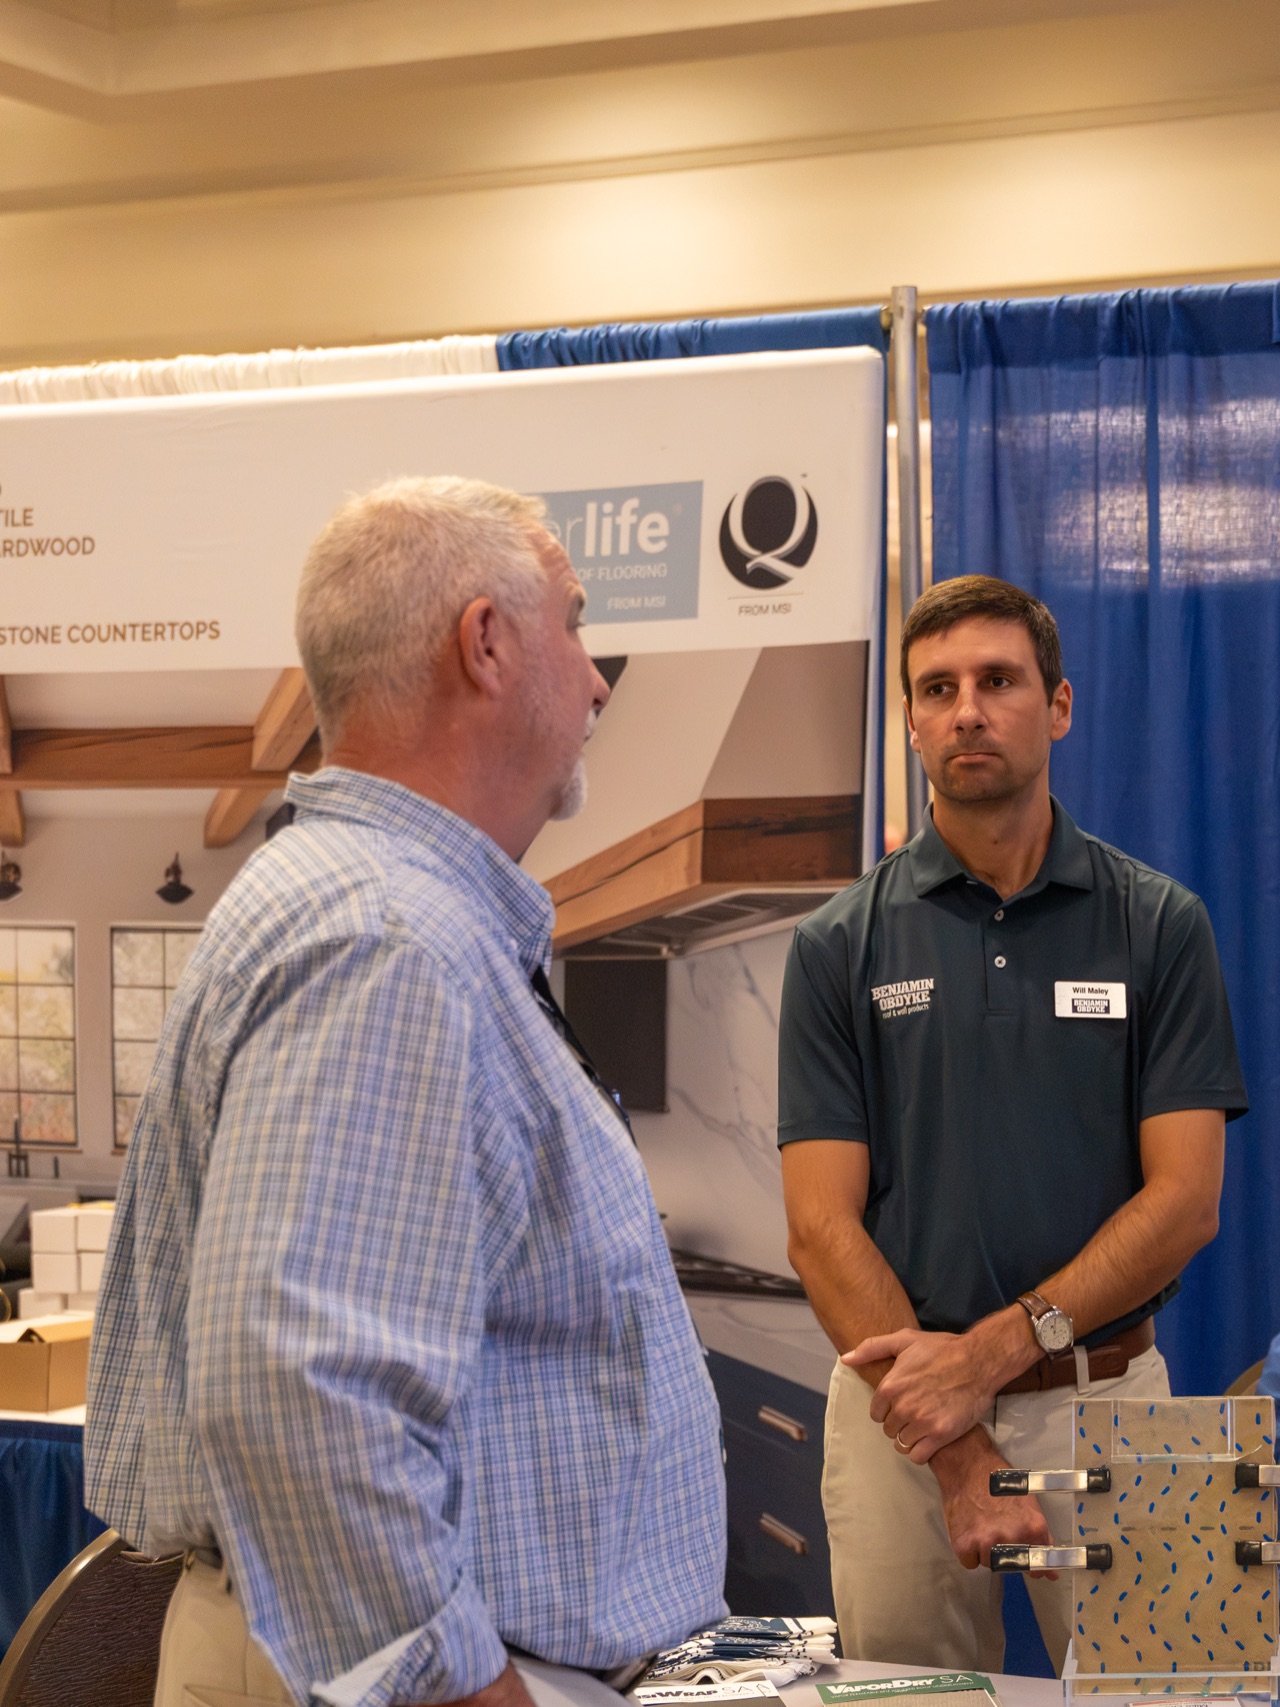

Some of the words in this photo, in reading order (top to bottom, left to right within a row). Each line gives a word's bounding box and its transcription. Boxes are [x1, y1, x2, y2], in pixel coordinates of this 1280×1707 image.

[0, 536, 95, 558] RDWOOD
[598, 563, 667, 580] FLOORING
[738, 604, 769, 617] FROM
[771, 603, 792, 615] MSI
[67, 621, 221, 644] COUNTERTOPS
[871, 978, 935, 1001] BENJAMIN
[1072, 986, 1086, 994] Will
[1088, 987, 1109, 996] Maley
[879, 990, 931, 1011] OBDYKE
[1073, 999, 1108, 1007] BENJAMIN
[939, 1674, 973, 1684] SA
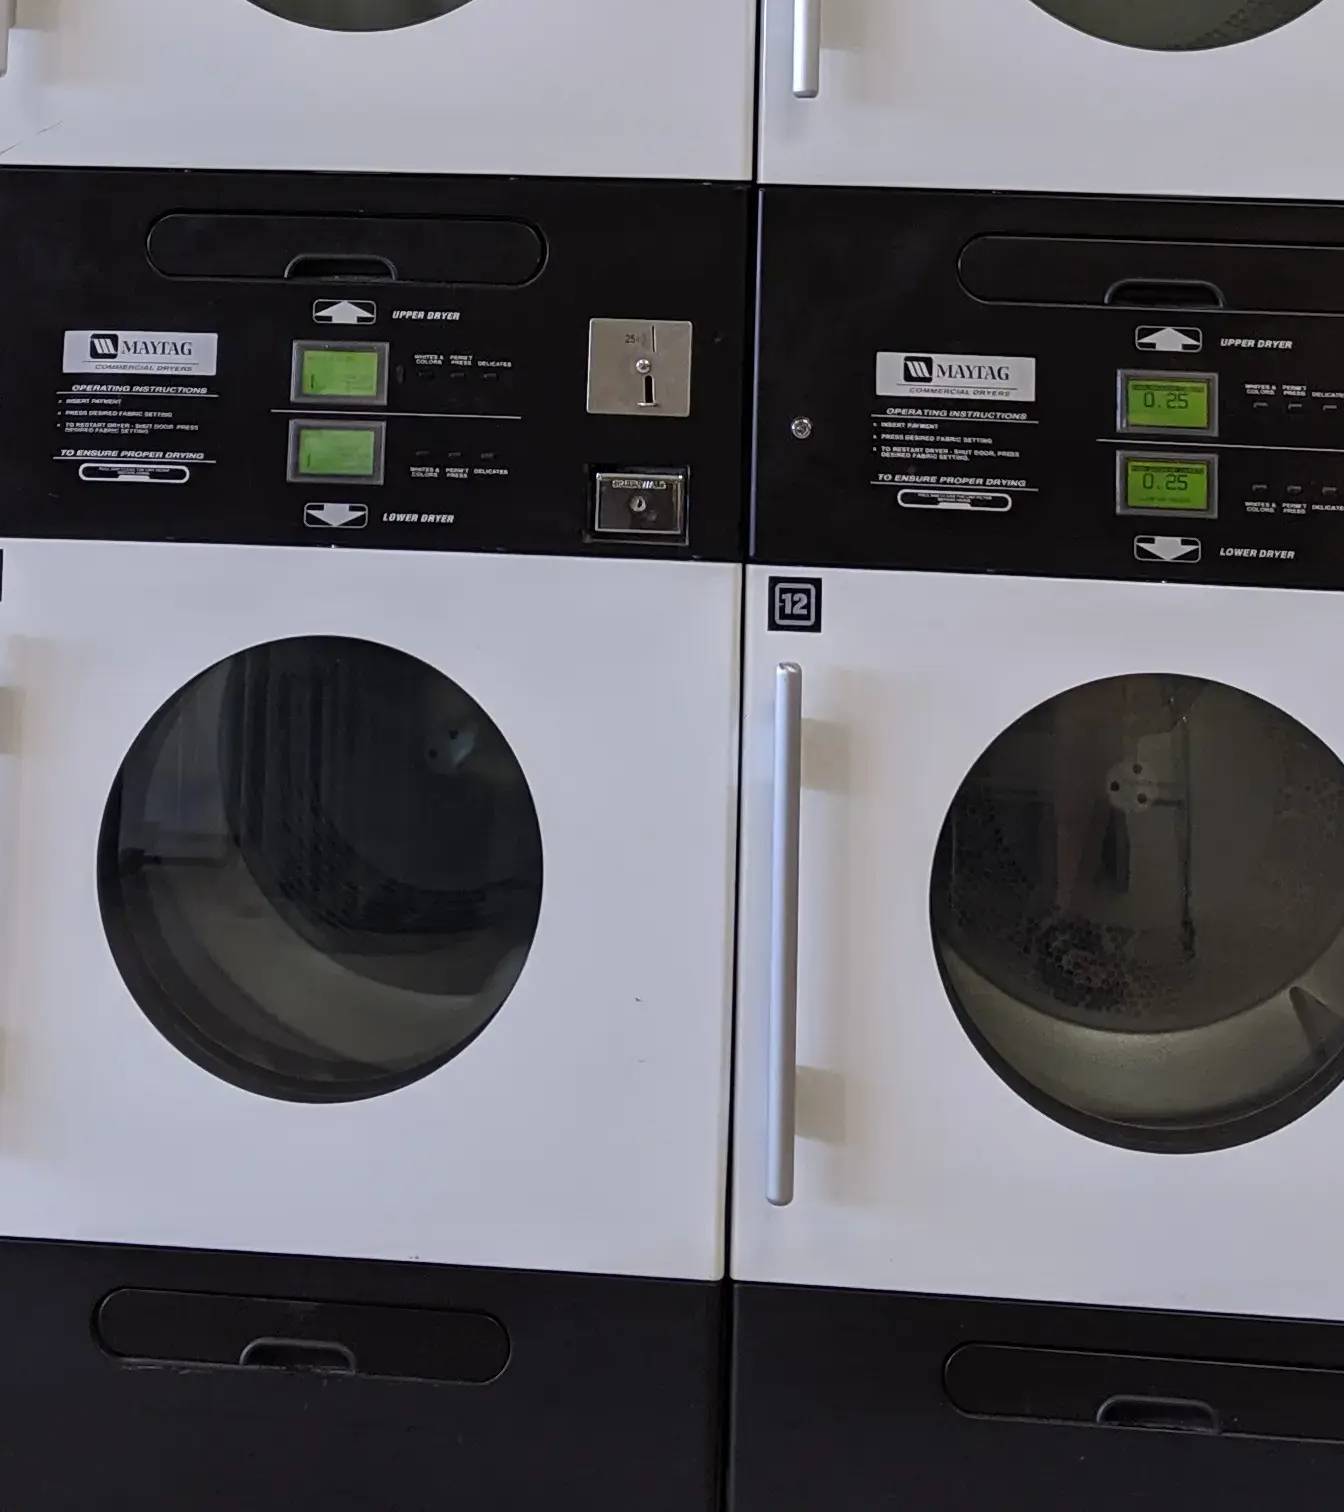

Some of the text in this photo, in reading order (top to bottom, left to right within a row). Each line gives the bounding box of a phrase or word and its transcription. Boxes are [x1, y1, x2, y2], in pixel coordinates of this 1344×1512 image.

[392, 310, 460, 321] UPPER DRYER
[121, 340, 193, 356] MAYTAG
[1220, 338, 1293, 349] UPPER DRYER
[936, 364, 1010, 381] MAYTAG
[72, 384, 208, 394] OPERATING INSTRUCTIONS
[909, 387, 1011, 397] COMMERCIAL DRYERS
[1143, 391, 1188, 409] 0.25
[886, 407, 1027, 420] OPERATING INSTRUCTIONS
[76, 449, 118, 457] ENSURE
[120, 450, 163, 458] PROPER
[165, 451, 204, 460] DRYING
[877, 473, 1026, 487] TO ENSURE PROPER DRYING
[1142, 473, 1188, 491] 0.25
[383, 512, 455, 524] LOWER DRYER
[1219, 548, 1295, 559] LOWER DRYER
[781, 593, 808, 615] 12
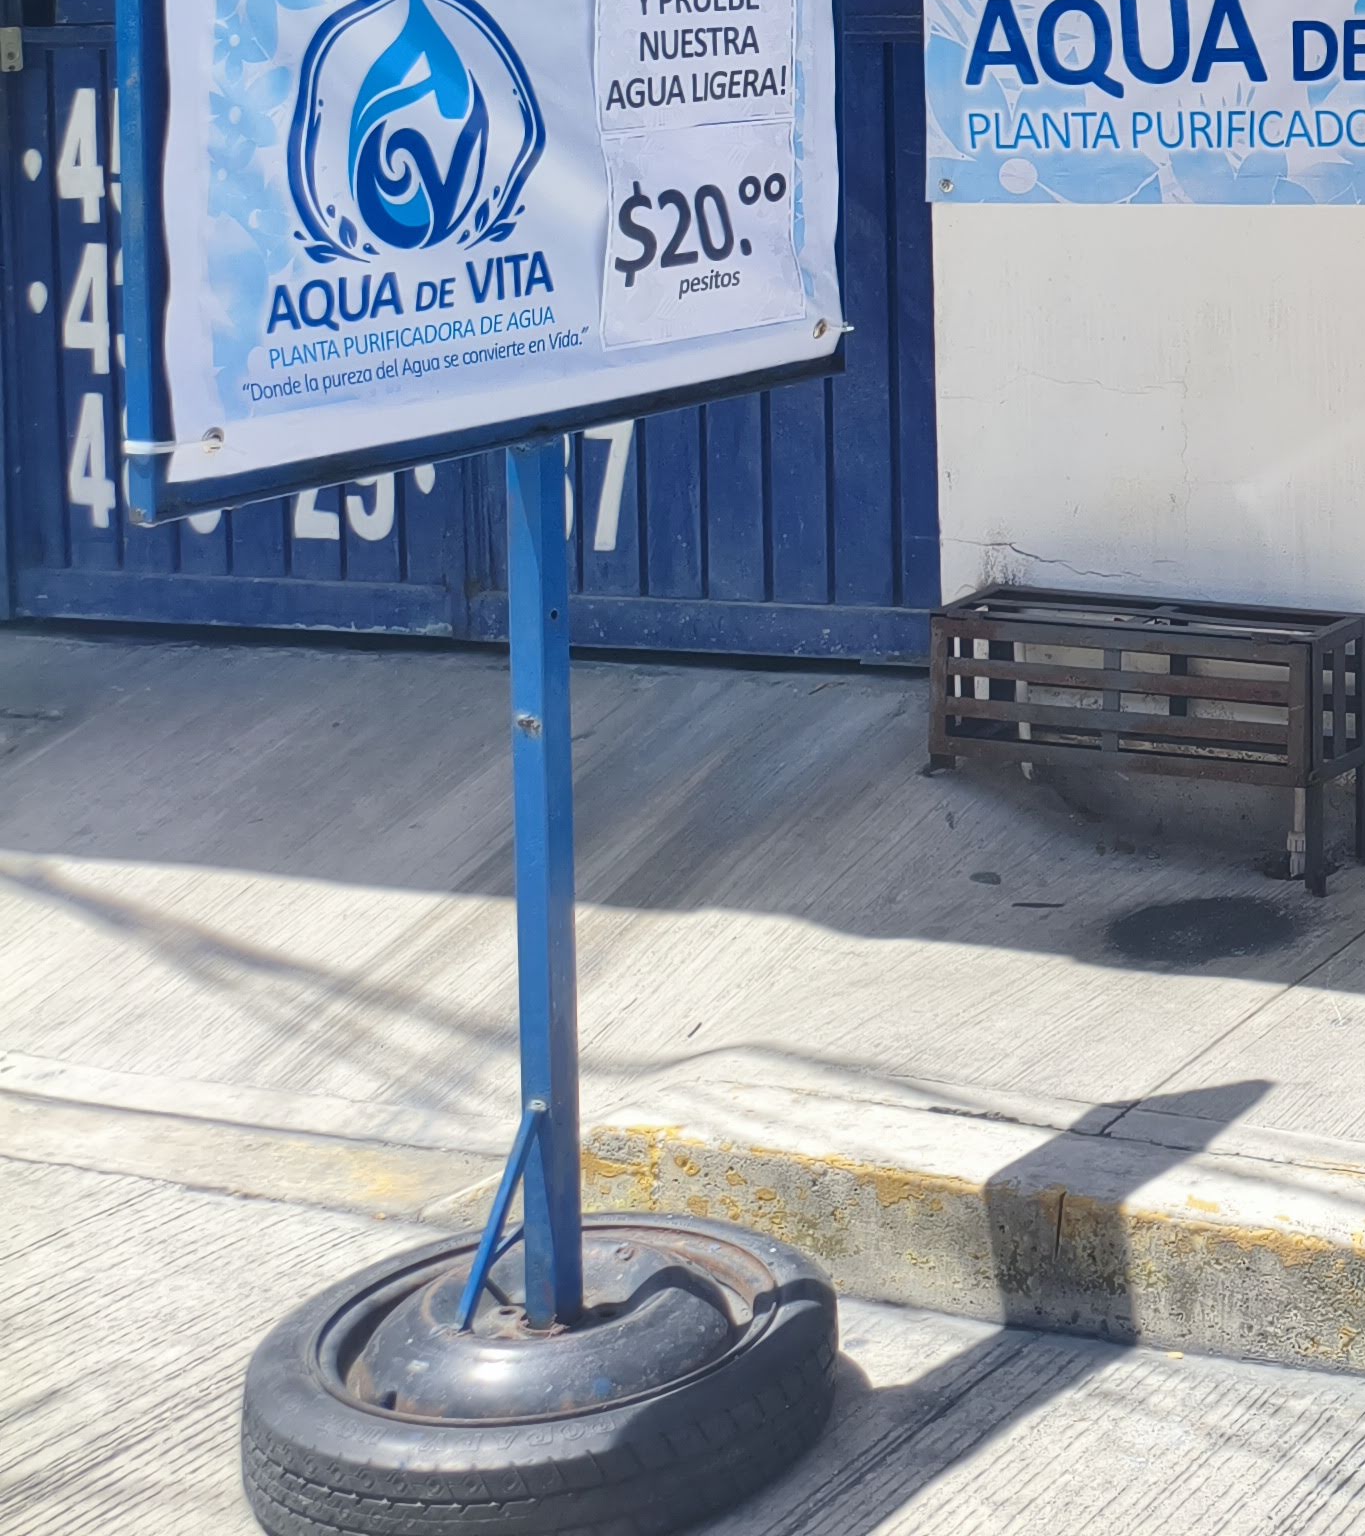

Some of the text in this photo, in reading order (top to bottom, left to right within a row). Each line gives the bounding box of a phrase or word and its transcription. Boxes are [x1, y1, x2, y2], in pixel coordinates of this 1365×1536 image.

::::::::

**What is needed**
Keep every word of the records exact as you write them out, but drop the pictures.

**Written solution**
Some of the words in this photo, in reading order (top to bottom, left to right within a row). Each line gives a word's bounding box and its transcription. Boxes are [x1, y1, x2, y2], in pixel coordinates of this 1280×1707 image.

[0, 536, 95, 558] RDWOOD
[598, 563, 667, 580] FLOORING
[738, 604, 769, 617] FROM
[771, 603, 792, 615] MSI
[67, 621, 221, 644] COUNTERTOPS
[871, 978, 935, 1001] BENJAMIN
[1072, 986, 1086, 994] Will
[1088, 987, 1109, 996] Maley
[879, 990, 931, 1011] OBDYKE
[1073, 999, 1108, 1007] BENJAMIN
[939, 1674, 973, 1684] SA

Some of the text in this photo, in reading order (top to bottom, left to right within a row). Each line gives the bounding box of a phrase or word and its transcription. Boxes are [x1, y1, x2, y2], in pixel coordinates of this 1344×1512 image.

[392, 310, 460, 321] UPPER DRYER
[121, 340, 193, 356] MAYTAG
[1220, 338, 1293, 349] UPPER DRYER
[936, 364, 1010, 381] MAYTAG
[72, 384, 208, 394] OPERATING INSTRUCTIONS
[909, 387, 1011, 397] COMMERCIAL DRYERS
[1143, 391, 1188, 409] 0.25
[886, 407, 1027, 420] OPERATING INSTRUCTIONS
[76, 449, 118, 457] ENSURE
[120, 450, 163, 458] PROPER
[165, 451, 204, 460] DRYING
[877, 473, 1026, 487] TO ENSURE PROPER DRYING
[1142, 473, 1188, 491] 0.25
[383, 512, 455, 524] LOWER DRYER
[1219, 548, 1295, 559] LOWER DRYER
[781, 593, 808, 615] 12

Some of the text in this photo, in reading order (top to bottom, left to right within a row). Each line gives the bounding box of a phrase or word and its transcription. Boxes are [x1, y1, x2, y2], in pixel coordinates of this 1365×1536 image.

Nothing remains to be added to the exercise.